Al momento abbiamo solo il dato dell’affluenza, che nella giornata di ieri, comunque, ha fatto registrare un abbassamento della percentuale degli aventi diritto che si sono recati ai seggi rispetto a sei anni fa. Alle 7 di questa mattina hanno riaperto i seggi.
Alle 15 ci saranno i risultati definitivi, almeno del numero dei votanti, perché solo a seguito di quell’orario inizierà lo spoglio.
Gli occhi sono tutti puntati sulle 33 sezioni della città della Piana che non rappresenta solo un importante snodo politico per il sud pontino ma per tutta la provincia di Latina. I quasi 40 mila abitanti attendono di sapere chi diventerà il nuovo sindaco dopo Beniamino Maschietto.
Alla vigilia del voto, un po’ tutti davano favorito il vicesindaco uscente Vincenzo Carnevale a capo di una coalizione composta da Forza Italia e quattro civiche. A sfidarlo ci sono Annarita Del Sole, espressione di Fratelli d’Italia e una civica. Il centrodestra molto diviso a livello locale, propone anche un terzo candidato sindaco, ovvero Tonino De Parolis, rappresentante della Lega e di una civica.
Ai nastri di partenza anche altre due coalizioni: una prettamente civica rappresentata dal consigliere comunale uscente Francesco Ciccone e l’altra di chiaro stampo di centrosinistra composta da una lista che racchiude insieme Pd e Avs e a parte quella del Movimento 5 Stelle al cui vertice c’è un altro consigliere uscente di opposizione, ovvero Salvatore Venditti.
Da capire se e in che modo, l’affluenza possa influire sul risultato delle urne e soprattutto se basterà il primo turno per eleggere il nuovo sindaco o – in caso nessuno raggiunga il 50%+1 degli aventi diritto – se si andrà al ballottaggio.
Nel frattempo, in molti si domandano quali saranno i tempi dello spoglio. L’esperienza del 2020, ci insegna che già nel tardo pomeriggio la situazione si era cristallizzate e, nonostante in quel caso Maschietto si fermò appena al di sotto del 50% dei voti, si capì non solo che c’era aria di ballottaggio, ma anche contro chi se la sarebbe vista.

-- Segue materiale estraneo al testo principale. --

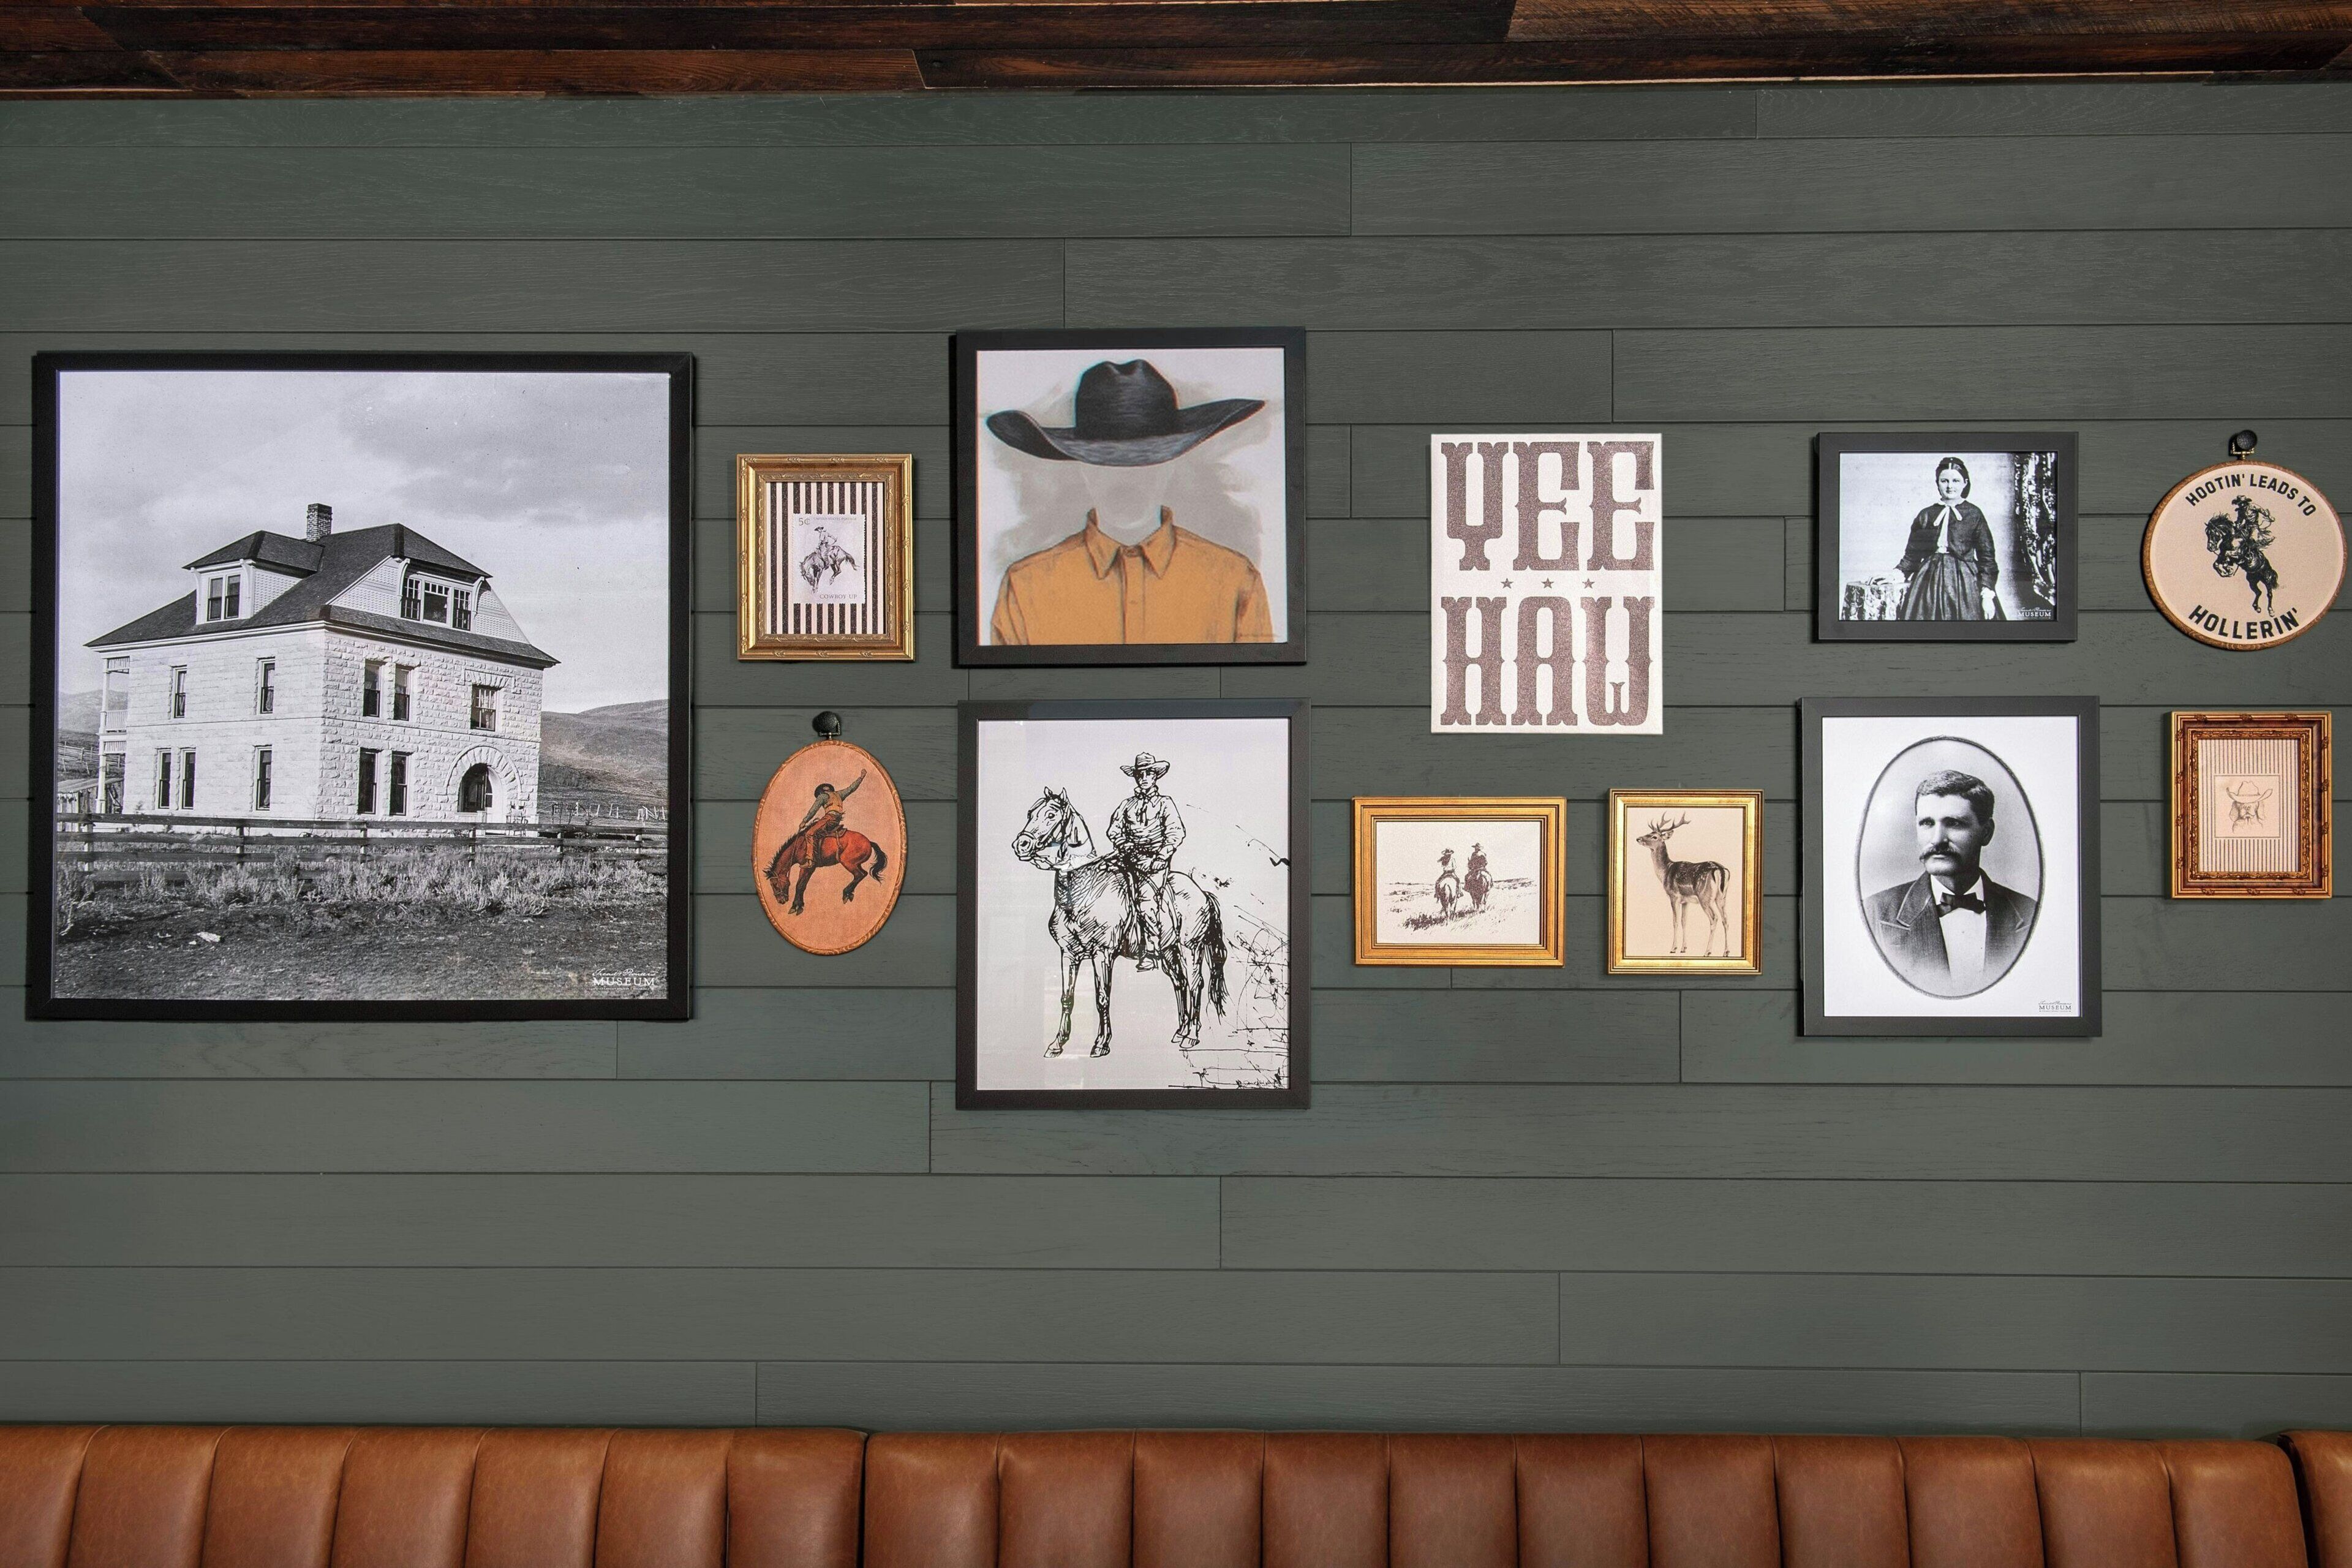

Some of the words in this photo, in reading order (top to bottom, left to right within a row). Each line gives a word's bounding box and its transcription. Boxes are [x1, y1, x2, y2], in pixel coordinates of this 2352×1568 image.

[1441, 441, 1654, 571] YEE
[2185, 473, 2245, 506] HOOTIN'
[2250, 473, 2299, 500] LEADS
[2297, 496, 2317, 517] TO
[798, 518, 810, 526] 5¢
[2188, 604, 2300, 639] HOLLERIN'
[1440, 596, 1654, 726] HAW
[593, 977, 655, 986] MUSEUM
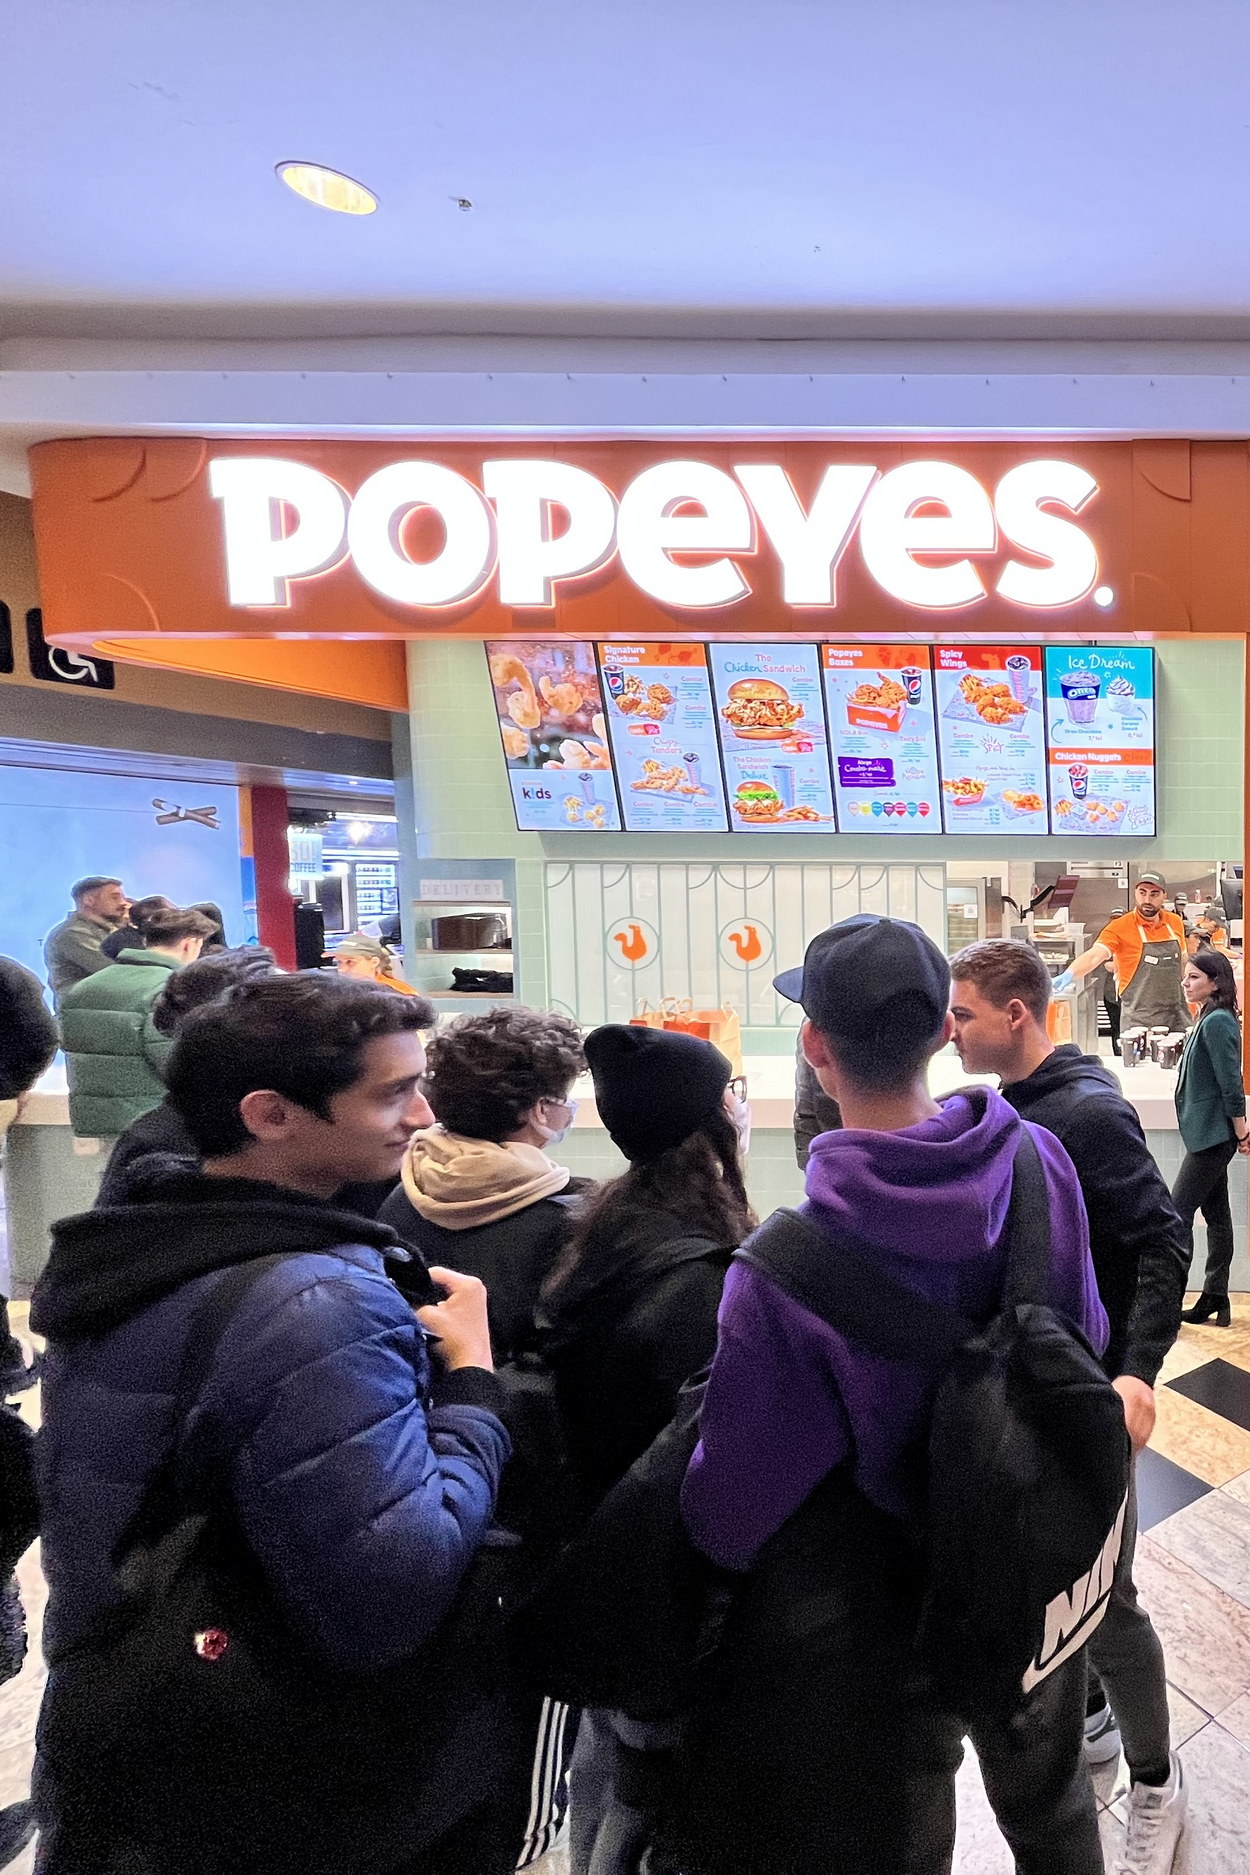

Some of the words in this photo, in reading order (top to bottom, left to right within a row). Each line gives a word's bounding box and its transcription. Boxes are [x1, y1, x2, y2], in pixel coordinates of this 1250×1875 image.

[603, 645, 646, 655] Signature
[828, 648, 863, 658] Popeyes
[939, 650, 963, 659] Spicy
[604, 655, 640, 664] Chicken
[755, 653, 772, 662] The
[1068, 655, 1087, 669] Ice
[1088, 653, 1136, 669] Dream
[724, 662, 763, 673] Chicken
[763, 665, 806, 673] Sandwich
[940, 659, 968, 668] Wings
[1068, 687, 1097, 699] OREO
[651, 746, 683, 754] Tenders
[1055, 752, 1088, 761] Chicken
[1087, 752, 1122, 762] Nuggets
[422, 884, 501, 896] DELIVERY
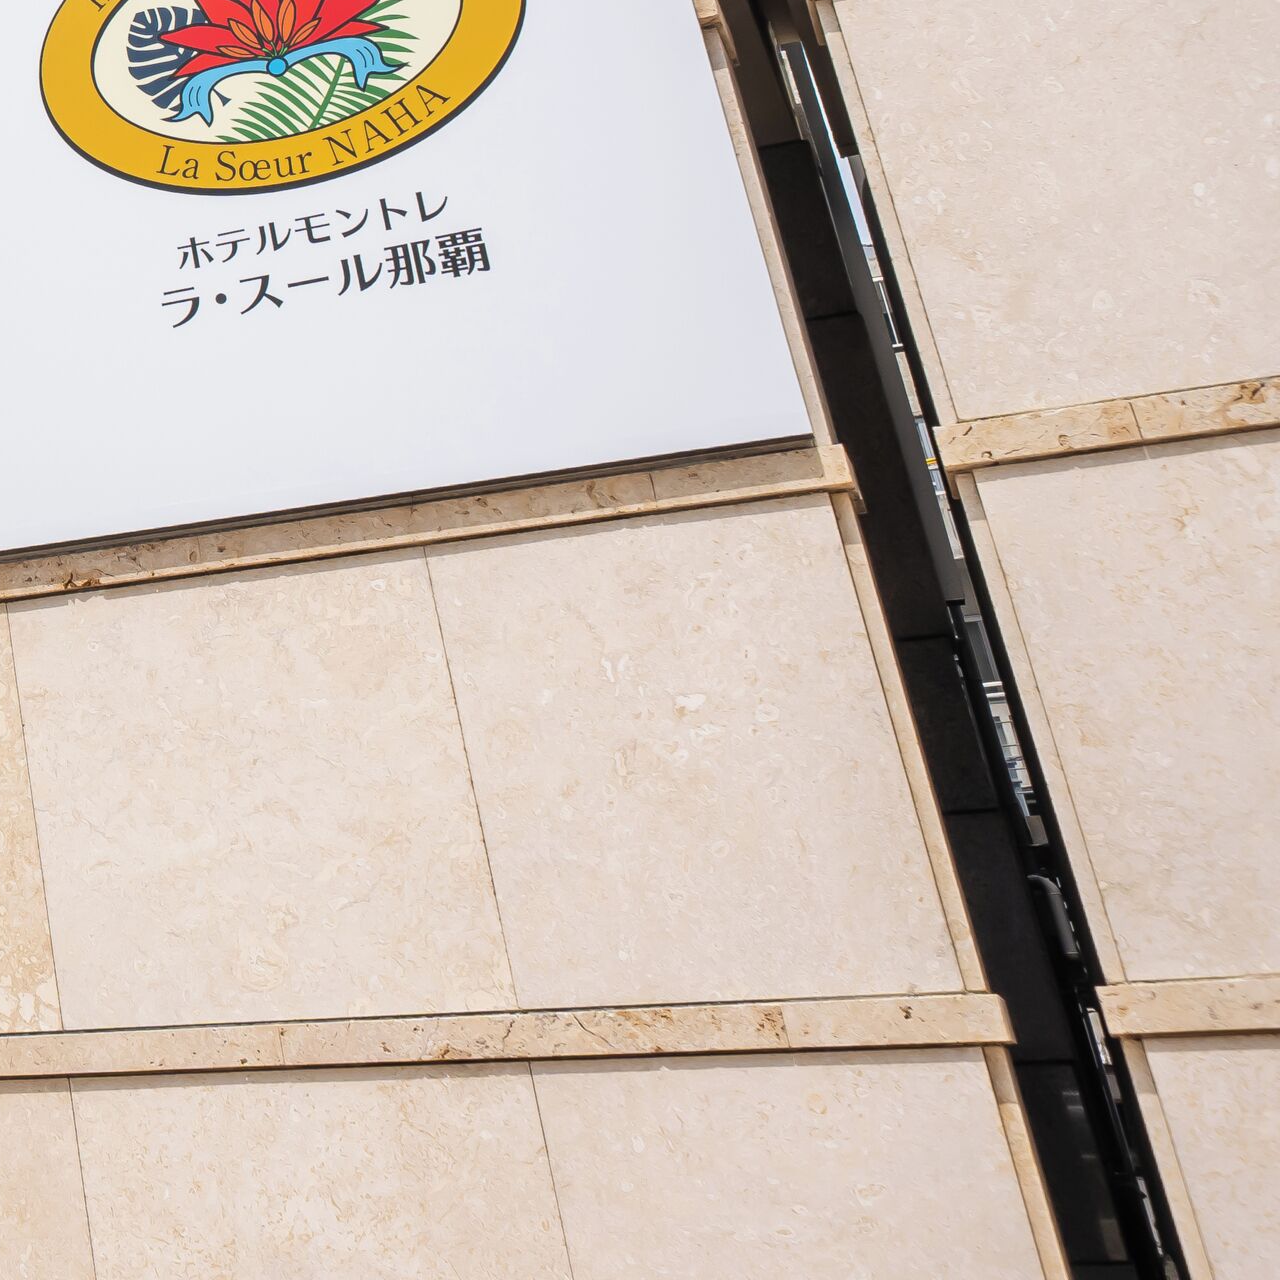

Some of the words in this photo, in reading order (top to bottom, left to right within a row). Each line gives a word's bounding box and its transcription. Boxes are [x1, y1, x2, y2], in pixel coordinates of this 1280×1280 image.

[155, 144, 200, 180] La
[214, 150, 313, 182] Sœur
[322, 80, 452, 166] NAHA
[160, 226, 492, 329] ラ・スール那覇
[176, 191, 449, 270] ホテルモントレ
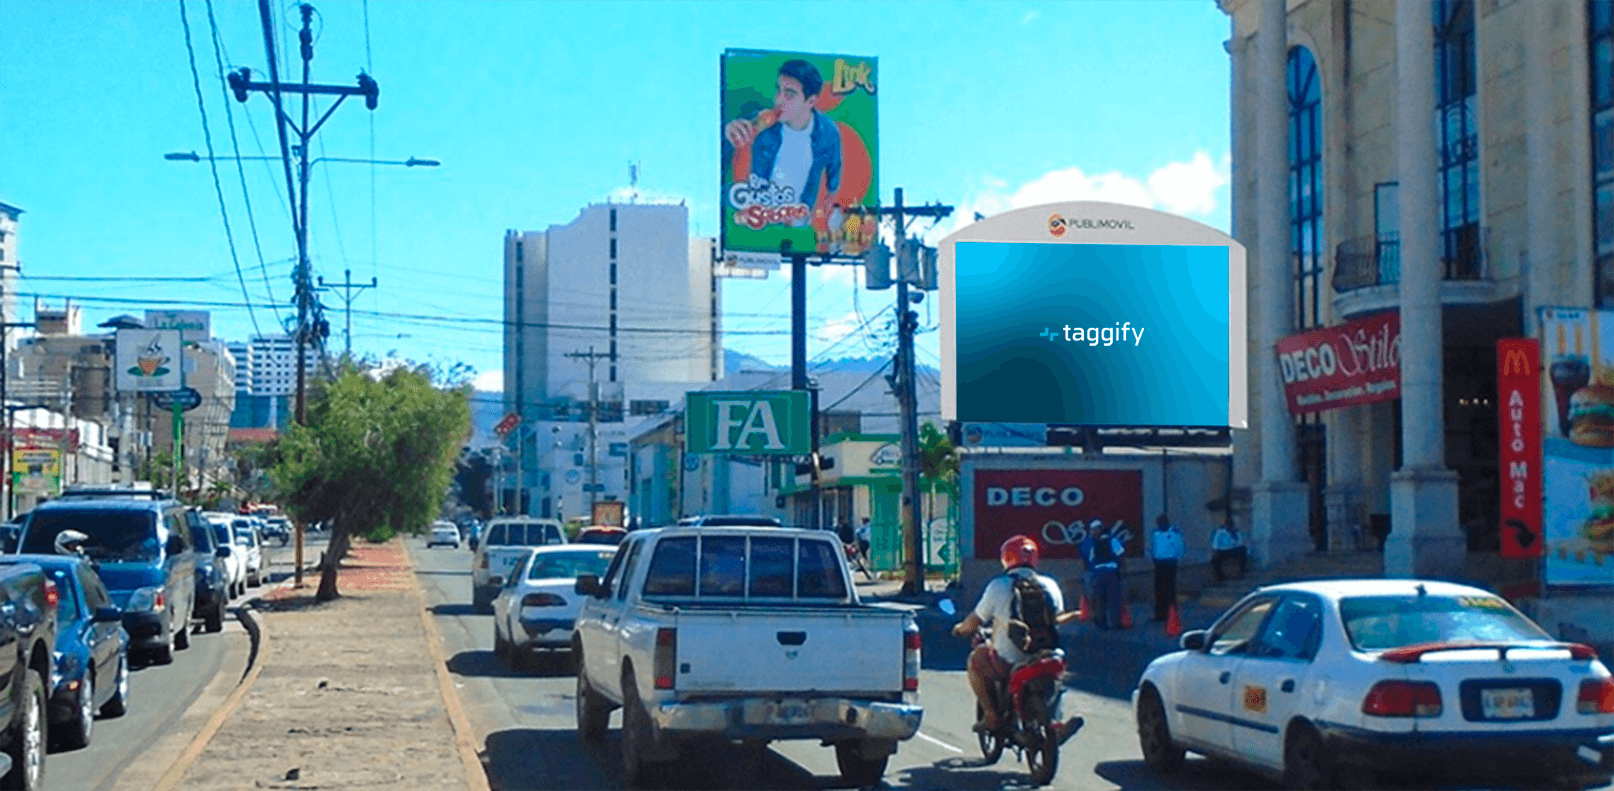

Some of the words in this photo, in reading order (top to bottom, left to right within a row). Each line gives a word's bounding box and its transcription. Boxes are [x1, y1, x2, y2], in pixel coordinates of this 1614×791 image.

Questo lascia presumere che i tempi, potrebbero essere gli stessi anche questa volta o, addirittura più celeri se ci sarà una netta affermazione per uno dei candidati.
Diversa la questione per la composizione del consiglio comunale dove non è escluso che ci voglia la serata inoltrata per avere una prima bozza di stesura complessiva, sempre ammesso che, anche in questo caso non servirà il secondo turno per avere proporzioni e seggi assegnati.